_Problem_
Each line of the records that follow must come back exactly, with pictures skipped.

........

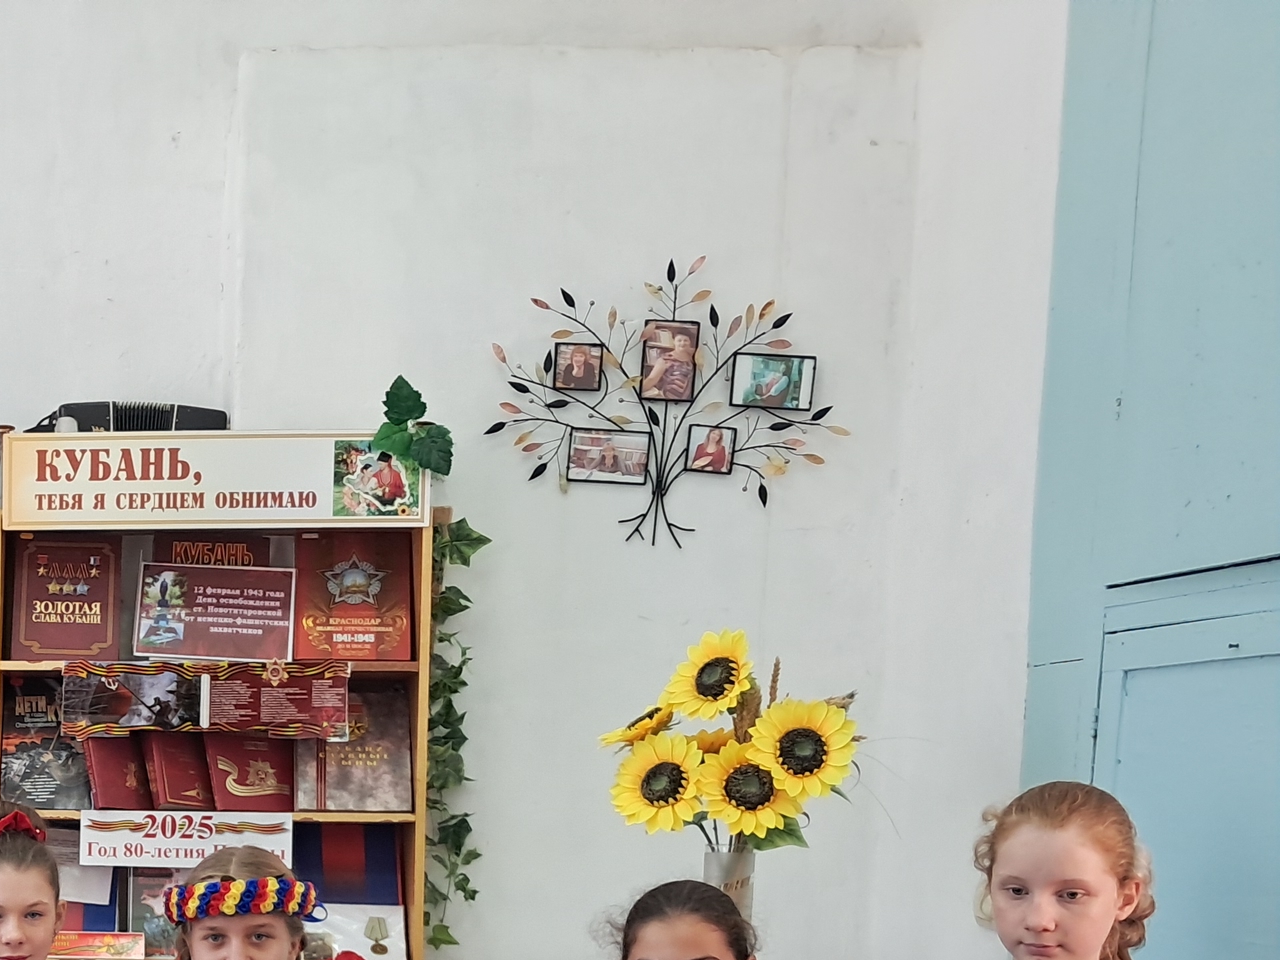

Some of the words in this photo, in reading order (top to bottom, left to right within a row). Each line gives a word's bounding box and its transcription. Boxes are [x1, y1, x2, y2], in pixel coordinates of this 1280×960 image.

[35, 448, 202, 485] КУБАНЬ,
[35, 493, 83, 510] ТЕБЯ
[92, 493, 106, 510] Я
[116, 491, 205, 512] СЕРДЦЕМ
[215, 490, 317, 509] ОБНИМАЮ
[172, 541, 254, 566] КУБАНЬ
[193, 586, 203, 594] 12
[243, 589, 263, 597] 1943
[265, 590, 285, 598] года
[195, 595, 217, 603] День
[32, 600, 101, 614] ЗОЛОТАЯ
[32, 613, 61, 623] СЛАВА
[63, 614, 101, 624] КУБАНИ
[329, 617, 381, 625] КРАСНОДАР
[332, 633, 375, 643] 1941-1945
[141, 813, 215, 840] 2025
[86, 841, 118, 859] Год
[123, 842, 206, 859] 80-летия
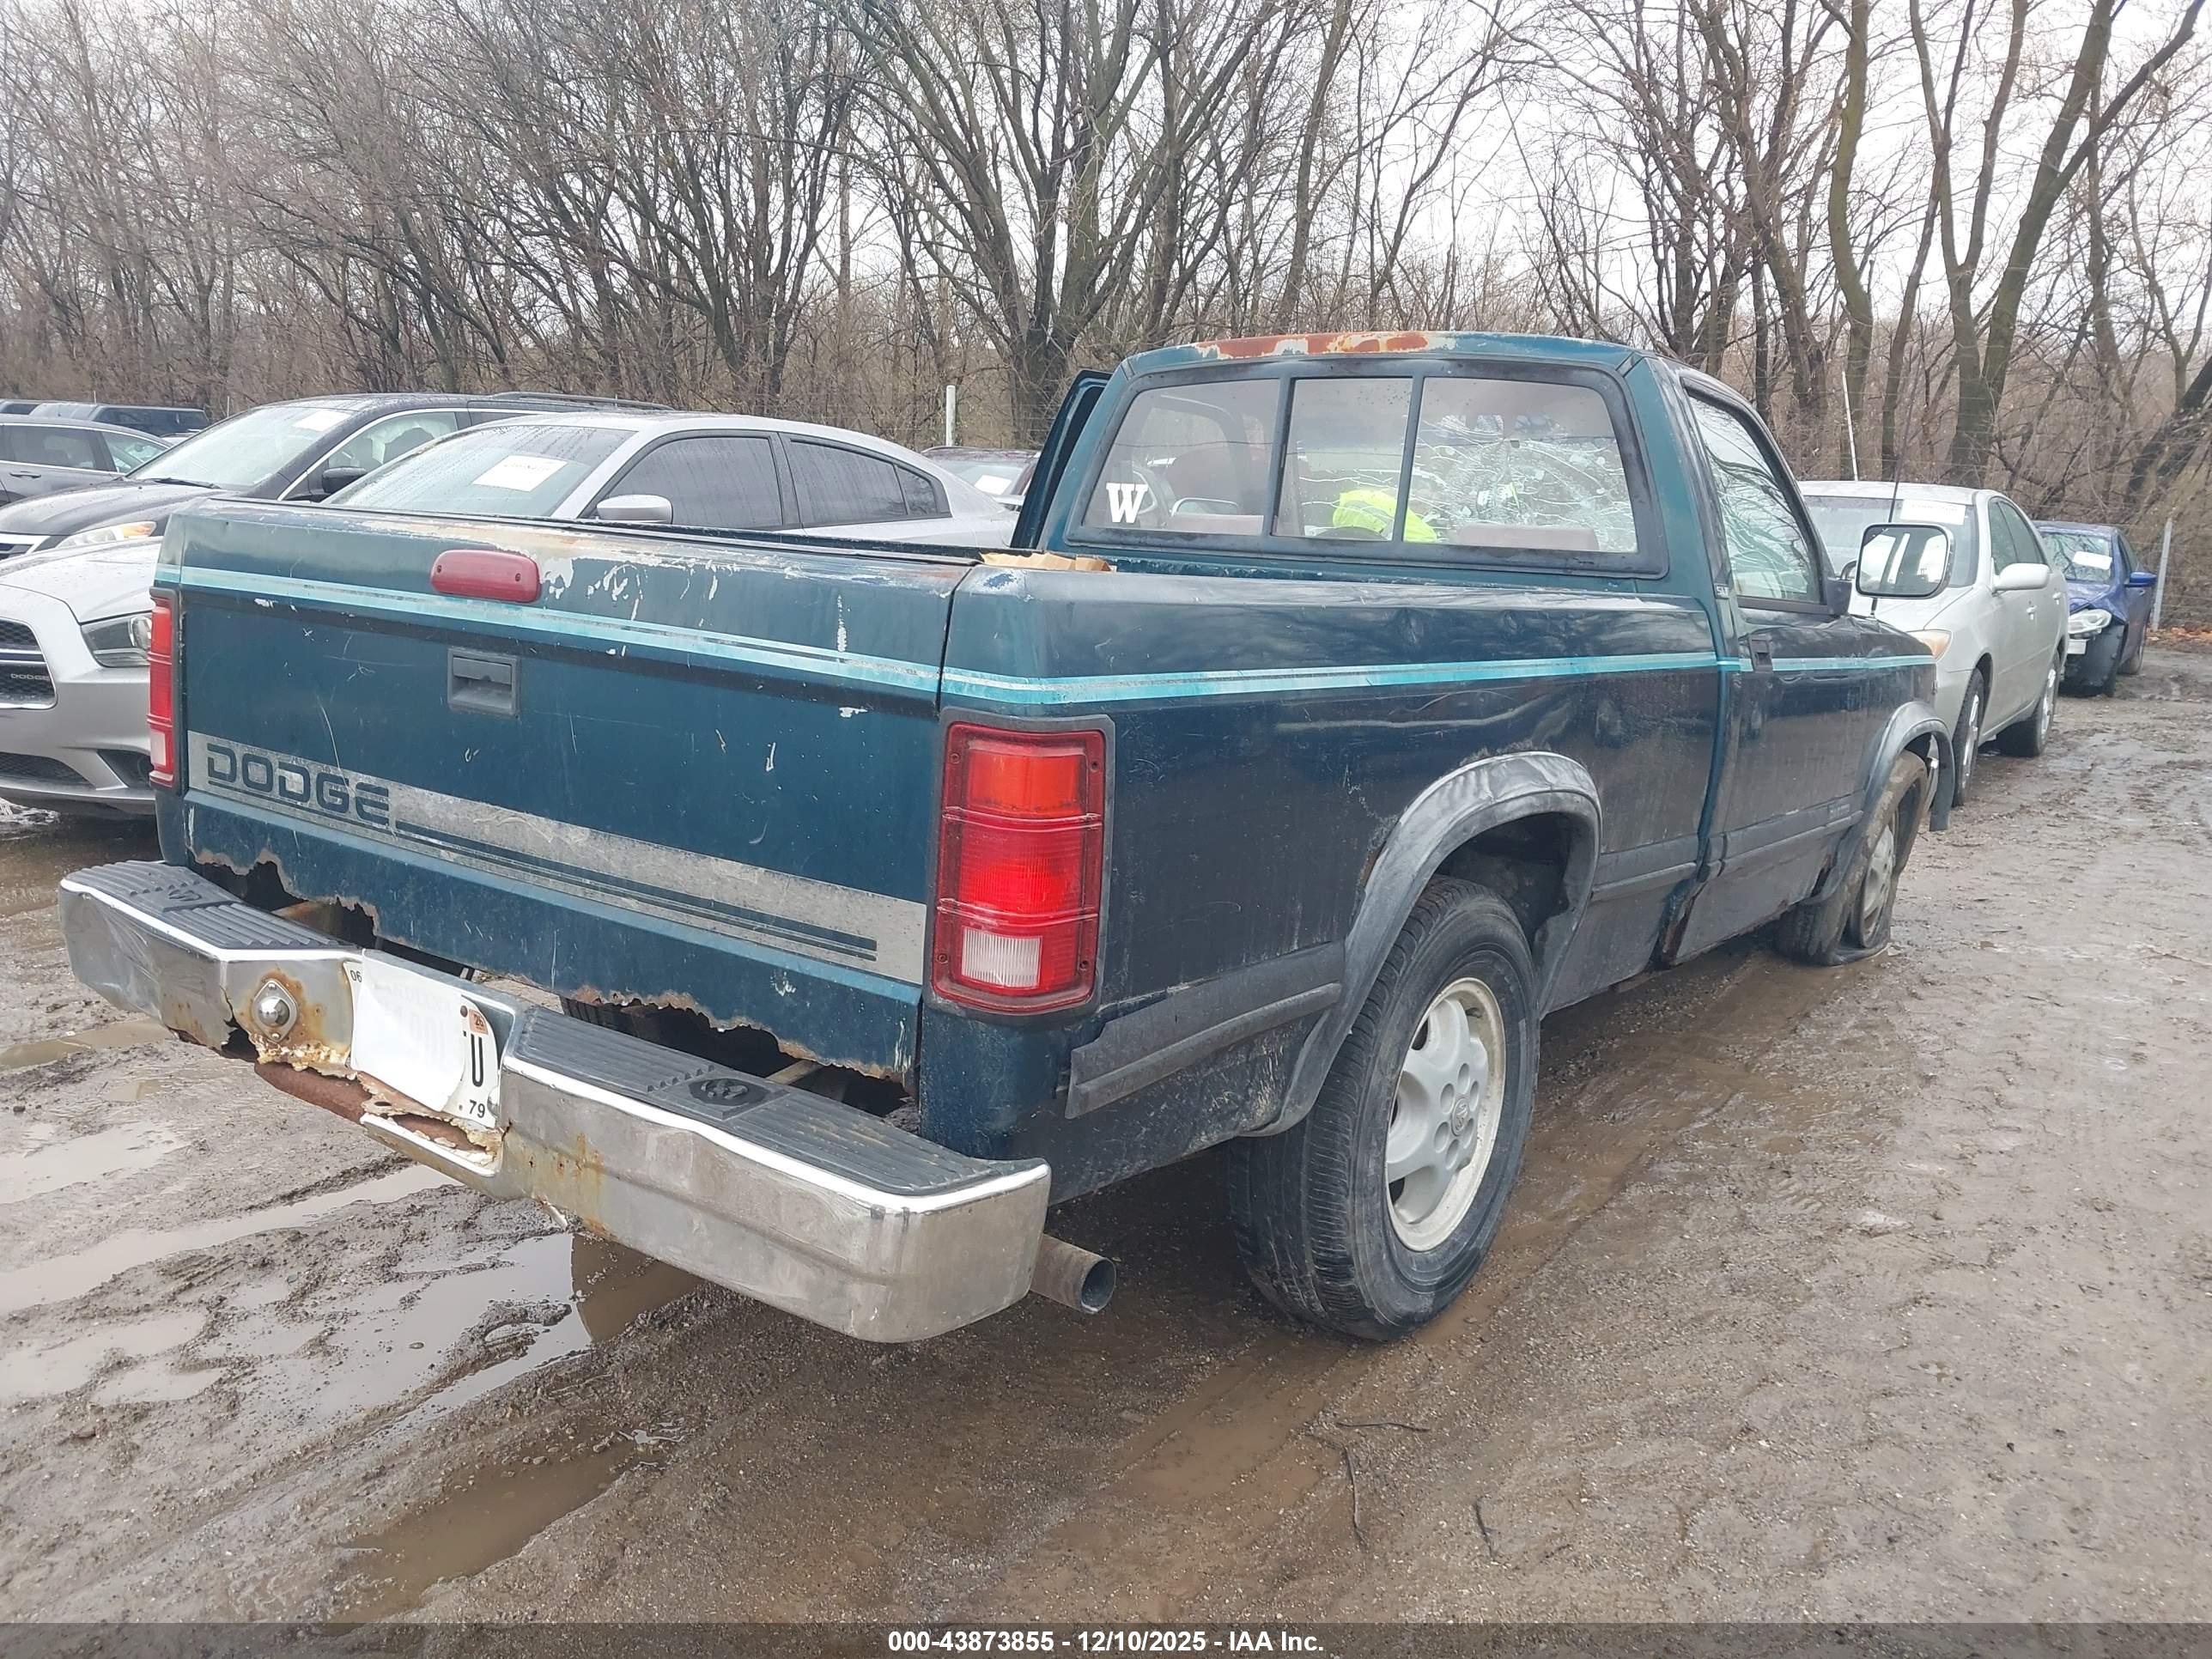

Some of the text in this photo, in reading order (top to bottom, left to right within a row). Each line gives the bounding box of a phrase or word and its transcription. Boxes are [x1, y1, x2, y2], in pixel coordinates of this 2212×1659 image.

[1106, 483, 1148, 523] W
[206, 743, 389, 826] DODGE
[349, 969, 362, 983] 06
[469, 1099, 486, 1118] 79
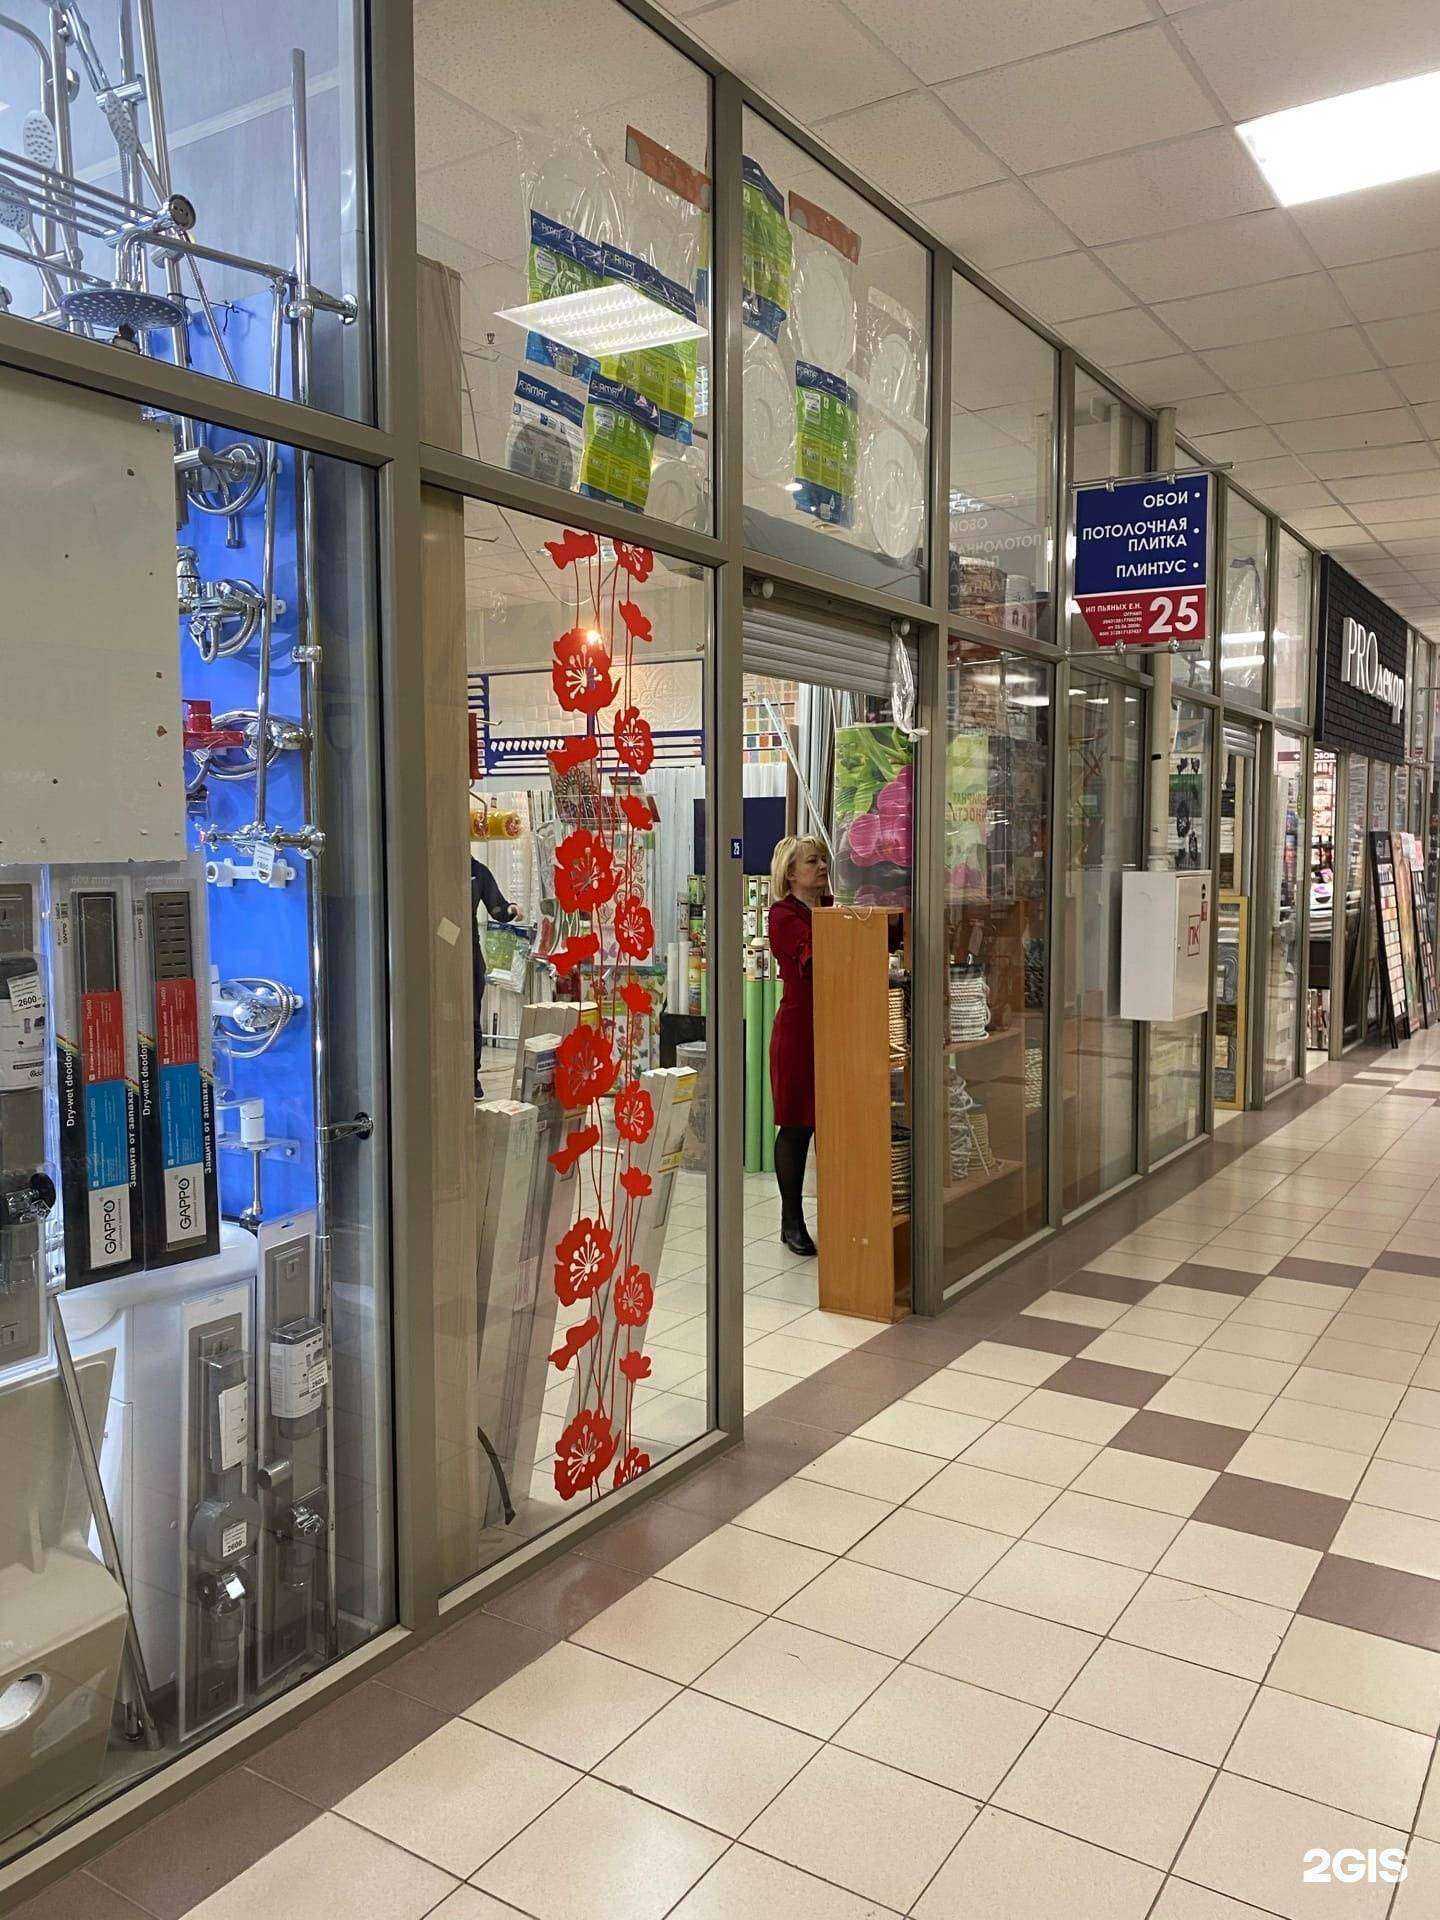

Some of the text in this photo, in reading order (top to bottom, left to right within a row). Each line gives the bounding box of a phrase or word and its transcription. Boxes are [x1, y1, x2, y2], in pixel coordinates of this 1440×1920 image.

........

_Your solution_
Some of the words in this photo, in reading order (top to bottom, left to right within a row). Each line gives a word's bounding box and its transcription. Boxes are [x1, y1, x2, y2], in pixel coordinates of this 1280×960 image.

[35, 448, 202, 485] КУБАНЬ,
[35, 493, 83, 510] ТЕБЯ
[92, 493, 106, 510] Я
[116, 491, 205, 512] СЕРДЦЕМ
[215, 490, 317, 509] ОБНИМАЮ
[172, 541, 254, 566] КУБАНЬ
[193, 586, 203, 594] 12
[243, 589, 263, 597] 1943
[265, 590, 285, 598] года
[195, 595, 217, 603] День
[32, 600, 101, 614] ЗОЛОТАЯ
[32, 613, 61, 623] СЛАВА
[63, 614, 101, 624] КУБАНИ
[329, 617, 381, 625] КРАСНОДАР
[332, 633, 375, 643] 1941-1945
[141, 813, 215, 840] 2025
[86, 841, 118, 859] Год
[123, 842, 206, 859] 80-летия

Some of the text in this photo, in reading order (top to bottom, left to right within a row). Each line gives the bounding box of a phrase or word and its transcription. Boxes are [x1, y1, x2, y2], in pixel coordinates of this 2212×1659 image.

[1106, 483, 1148, 523] W
[206, 743, 389, 826] DODGE
[349, 969, 362, 983] 06
[469, 1099, 486, 1118] 79

Some of the text in this photo, in reading order (top to bottom, left to right within a row). Each line gives the bounding box of a phrase or word and its transcription. Boxes are [x1, y1, x2, y2], in pixel coordinates of this 1440×1920 image.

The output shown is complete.